→ REQUIRED WORK:
Output nothing but the lines from the line with "this 2000×1080 image." through the end of the listing below, both ends included.

→ MATERIAL PROVIDED:
__________________________________________________

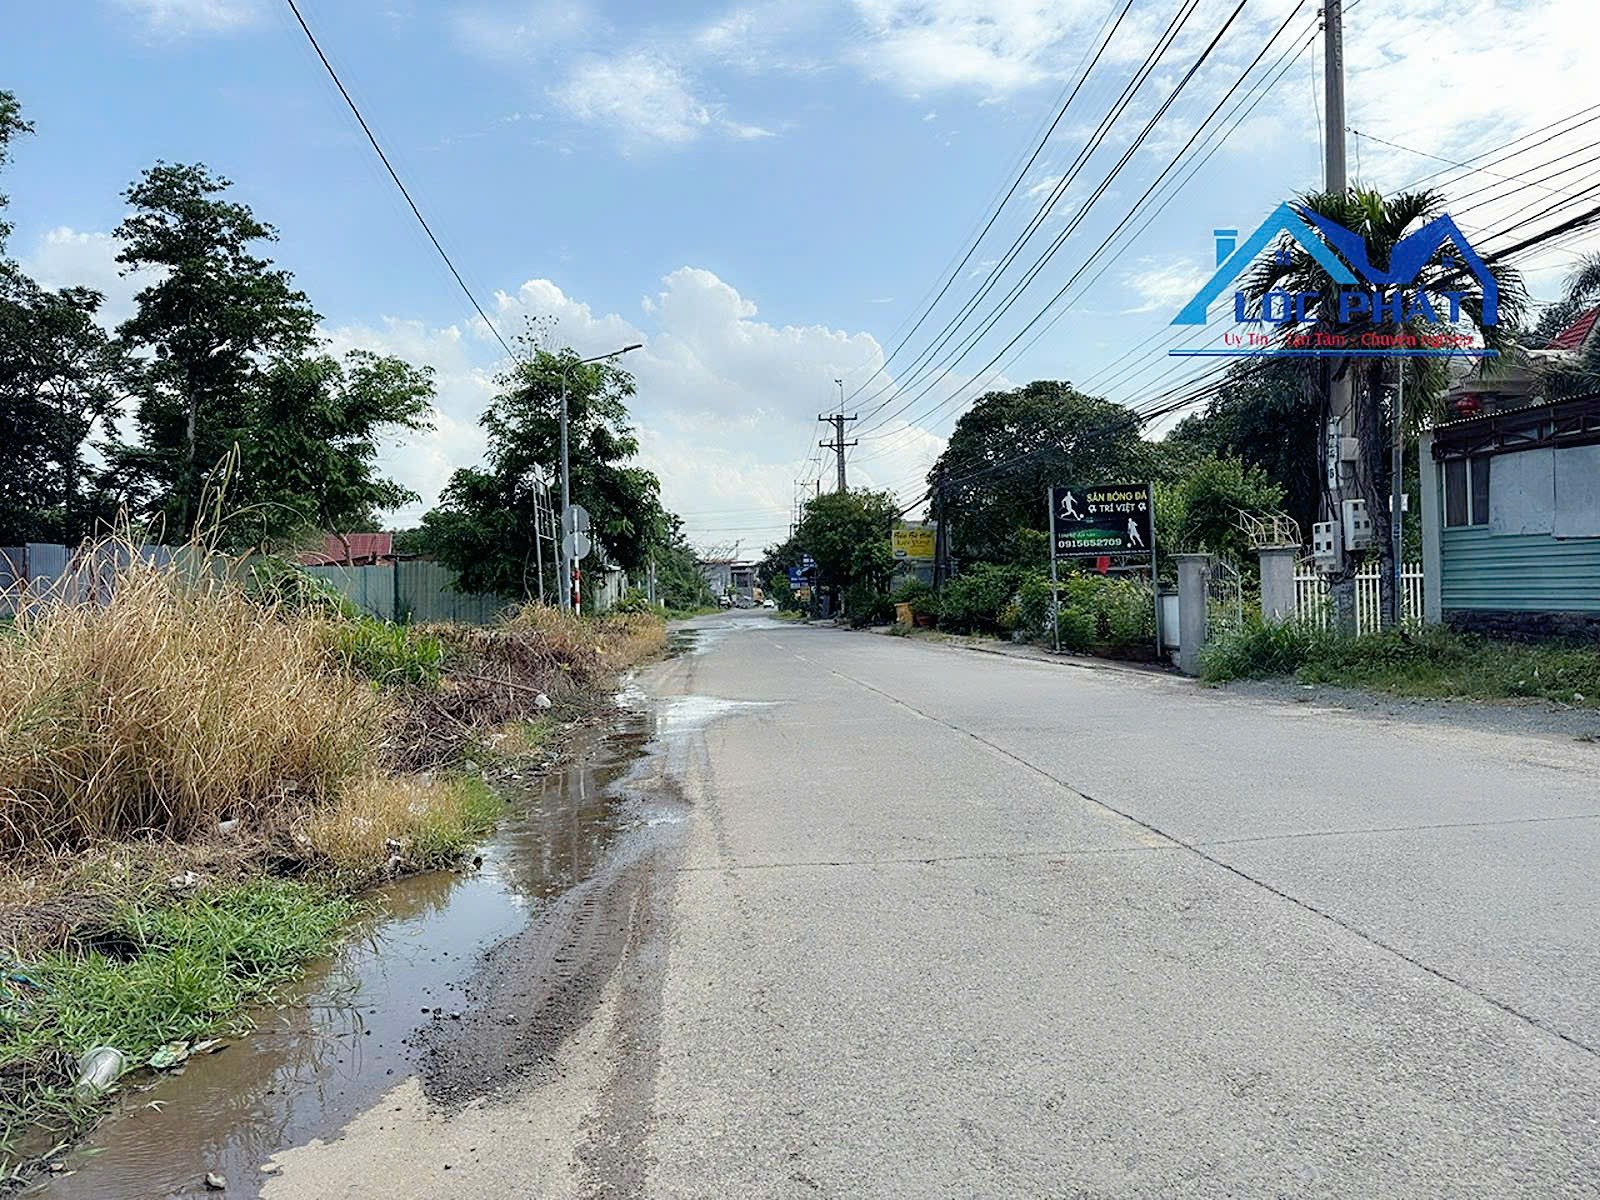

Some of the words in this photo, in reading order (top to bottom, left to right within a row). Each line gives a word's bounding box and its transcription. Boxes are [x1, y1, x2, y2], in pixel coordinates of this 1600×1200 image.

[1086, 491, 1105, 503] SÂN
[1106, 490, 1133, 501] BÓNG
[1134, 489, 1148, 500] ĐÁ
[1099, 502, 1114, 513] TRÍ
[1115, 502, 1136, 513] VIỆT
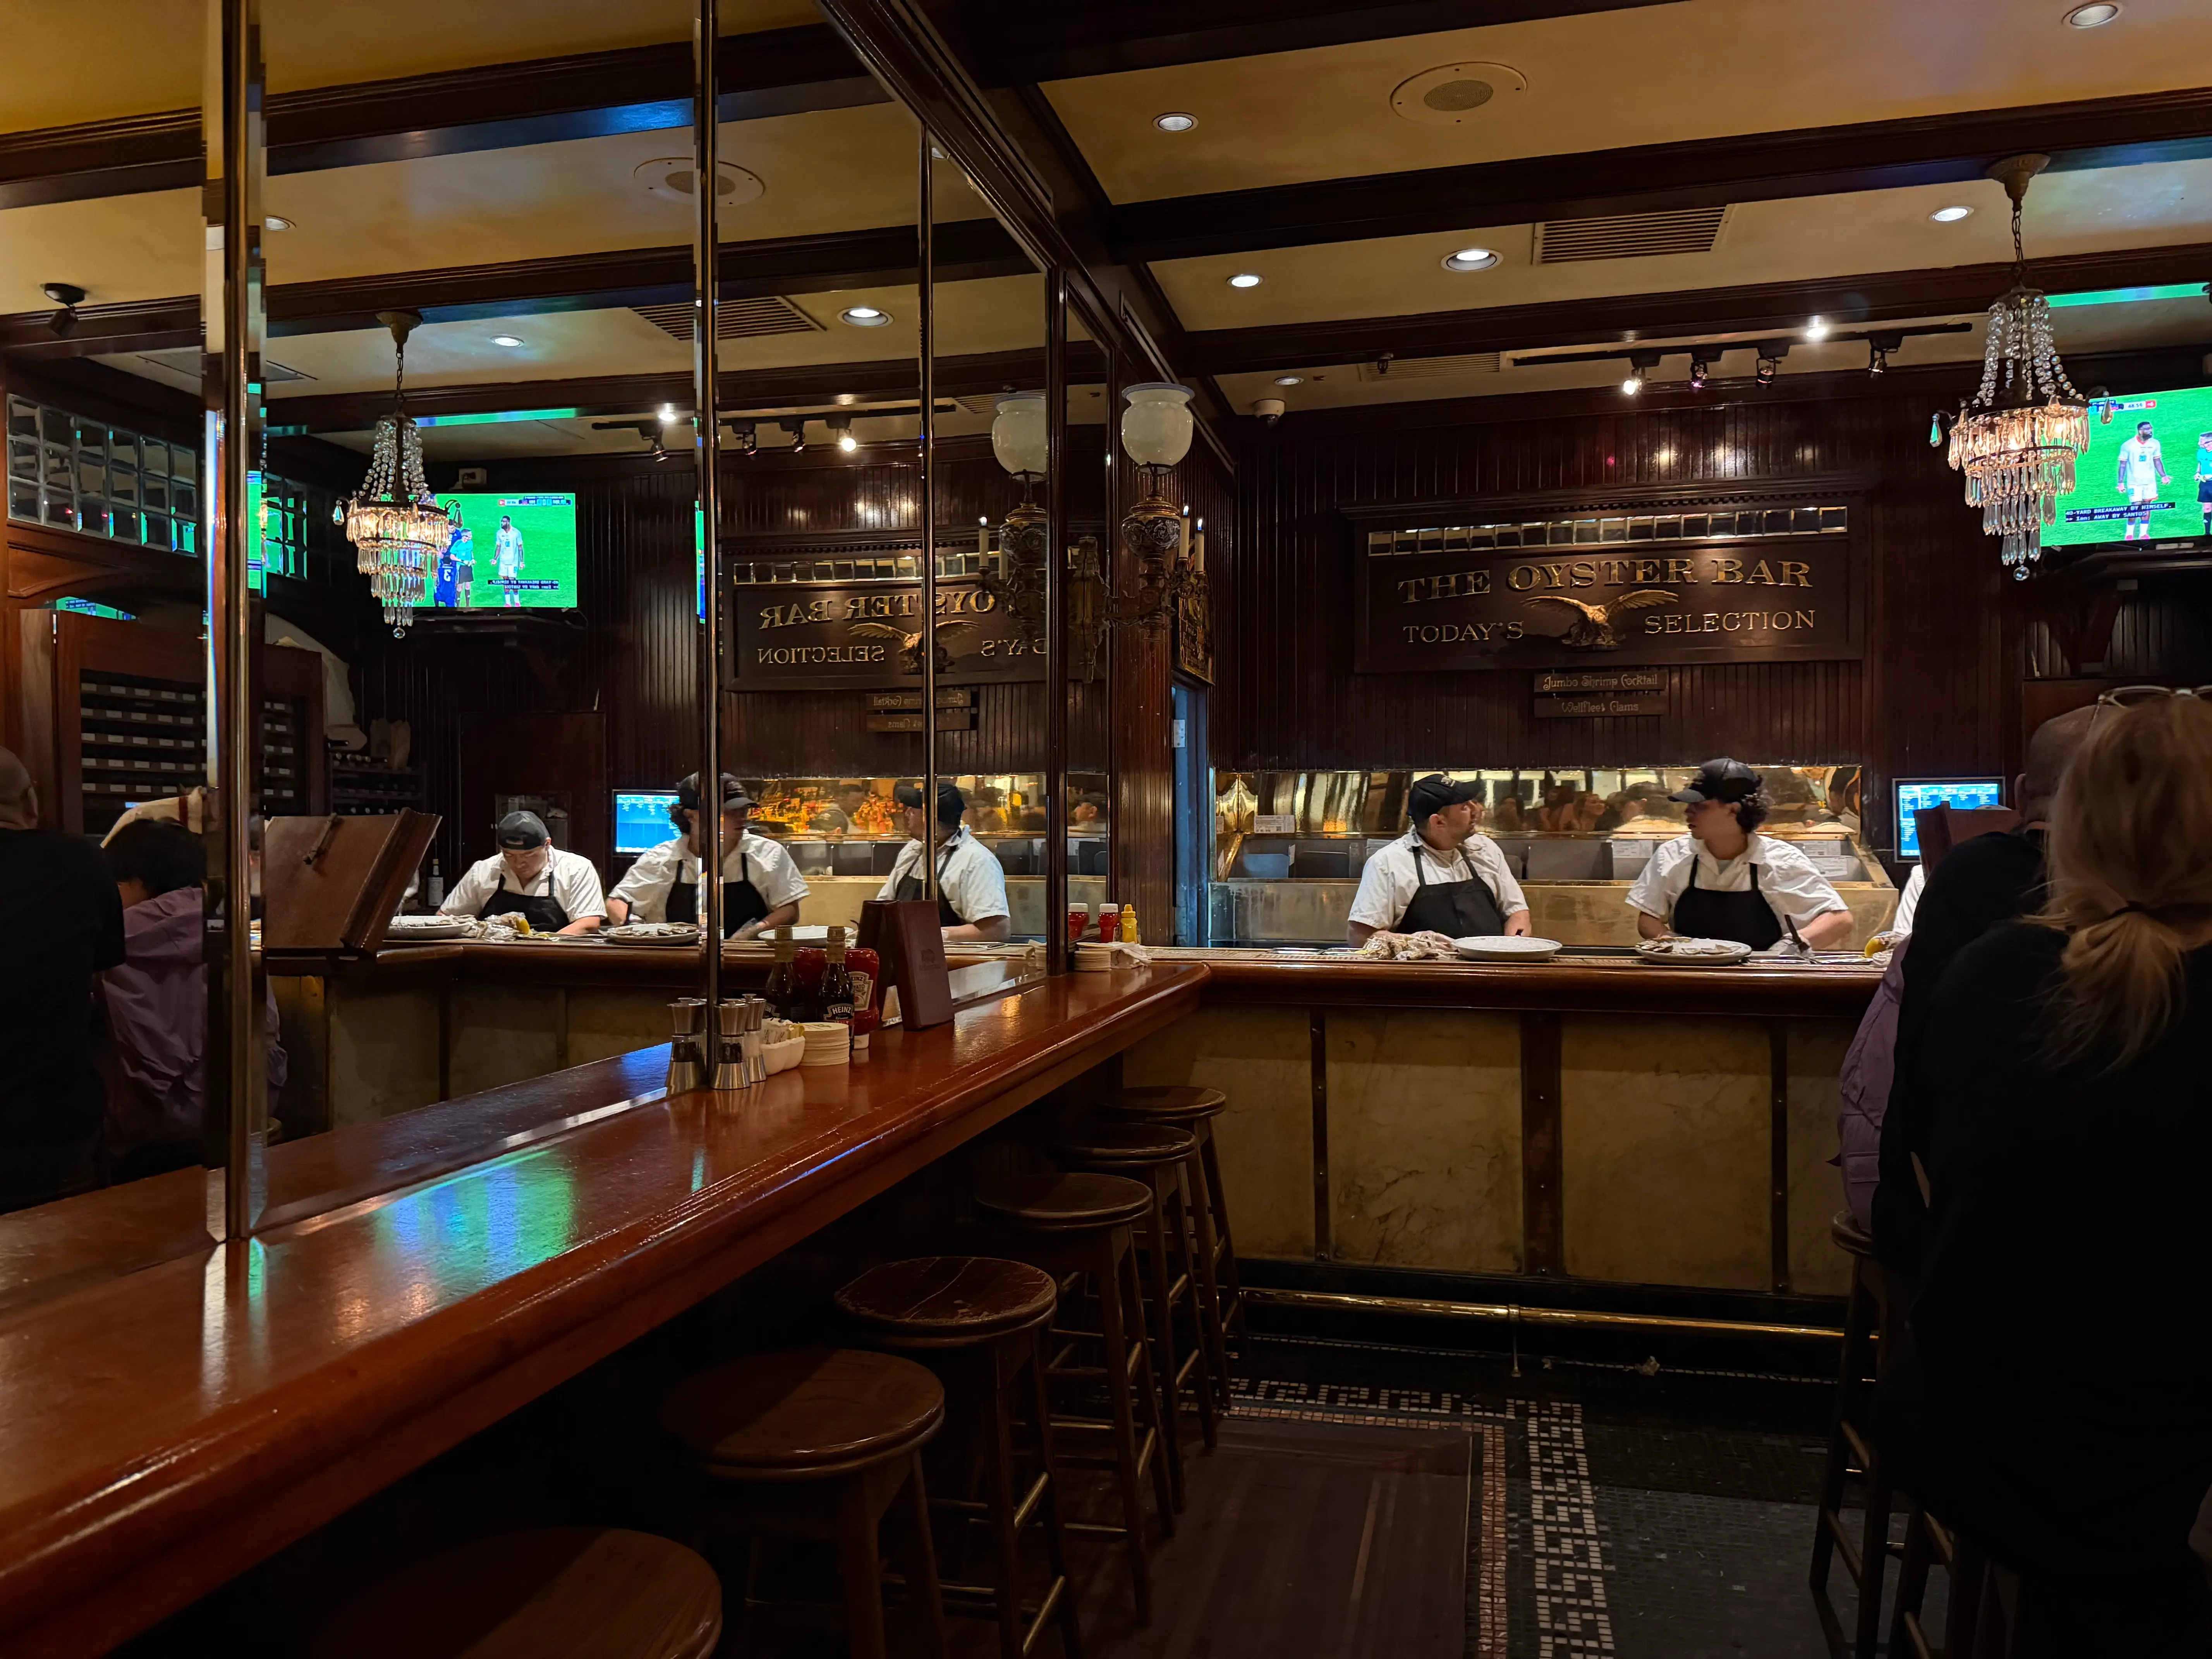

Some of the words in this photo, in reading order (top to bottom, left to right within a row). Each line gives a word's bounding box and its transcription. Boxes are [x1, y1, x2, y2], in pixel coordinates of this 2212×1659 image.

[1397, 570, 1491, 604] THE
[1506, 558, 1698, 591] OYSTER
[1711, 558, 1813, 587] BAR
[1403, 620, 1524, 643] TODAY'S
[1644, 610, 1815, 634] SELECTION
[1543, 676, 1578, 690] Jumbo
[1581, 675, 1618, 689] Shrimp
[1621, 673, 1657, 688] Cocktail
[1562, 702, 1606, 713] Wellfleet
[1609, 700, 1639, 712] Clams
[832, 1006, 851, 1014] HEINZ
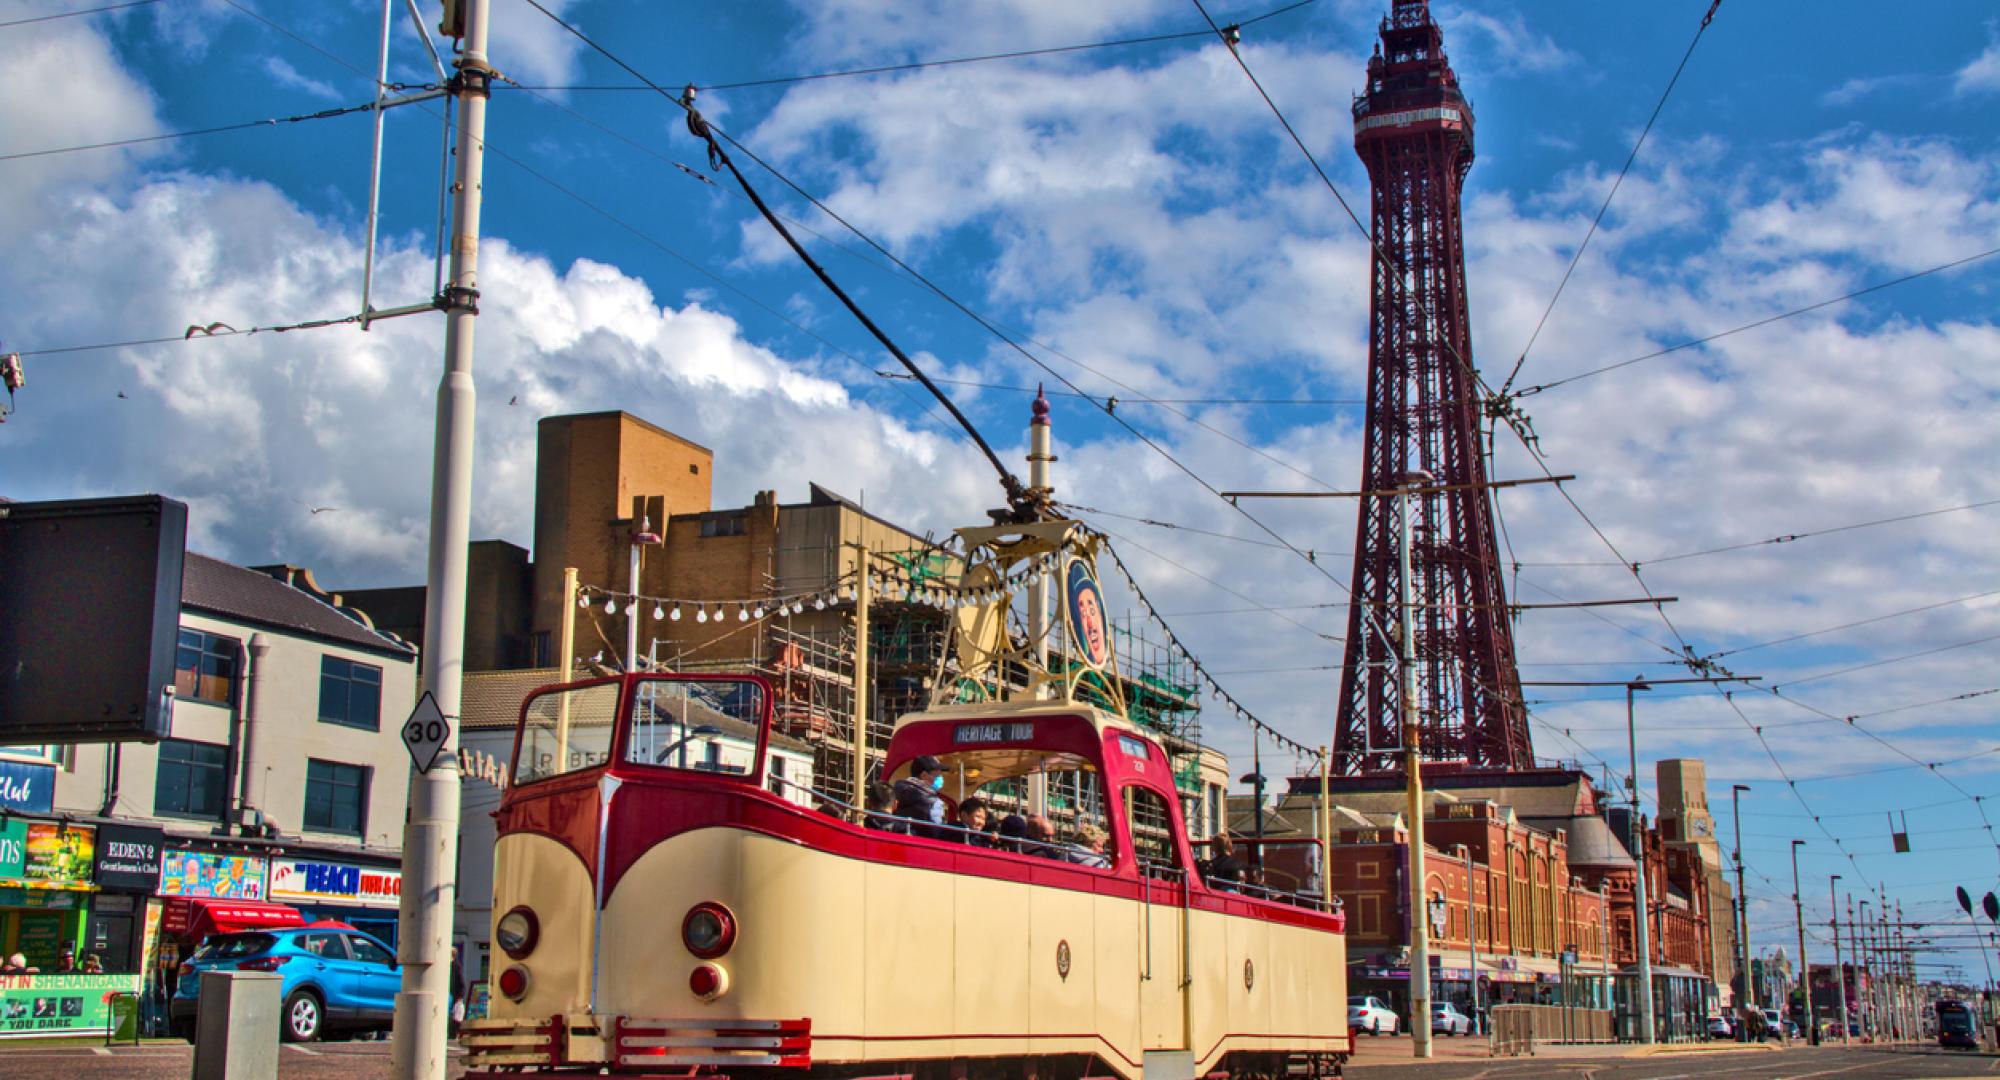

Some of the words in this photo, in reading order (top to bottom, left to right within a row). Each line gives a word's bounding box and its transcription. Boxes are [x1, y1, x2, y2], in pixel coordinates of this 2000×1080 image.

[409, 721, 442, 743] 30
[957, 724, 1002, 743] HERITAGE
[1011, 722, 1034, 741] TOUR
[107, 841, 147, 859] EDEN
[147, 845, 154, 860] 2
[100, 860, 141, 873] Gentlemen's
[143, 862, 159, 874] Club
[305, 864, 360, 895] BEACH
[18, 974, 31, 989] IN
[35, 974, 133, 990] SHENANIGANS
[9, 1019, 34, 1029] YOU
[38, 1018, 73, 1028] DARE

__________________________________________________

→ RESPONSE AREA:
Some of the words in this photo, in reading order (top to bottom, left to right within a row). Each line gives a word's bounding box and its transcription. Boxes are [x1, y1, x2, y2], in pixel coordinates of this 2000×1080 image.

[409, 721, 442, 743] 30
[957, 724, 1002, 743] HERITAGE
[1011, 722, 1034, 741] TOUR
[107, 841, 147, 859] EDEN
[147, 845, 154, 860] 2
[100, 860, 141, 873] Gentlemen's
[143, 862, 159, 874] Club
[305, 864, 360, 895] BEACH
[18, 974, 31, 989] IN
[35, 974, 133, 990] SHENANIGANS
[9, 1019, 34, 1029] YOU
[38, 1018, 73, 1028] DARE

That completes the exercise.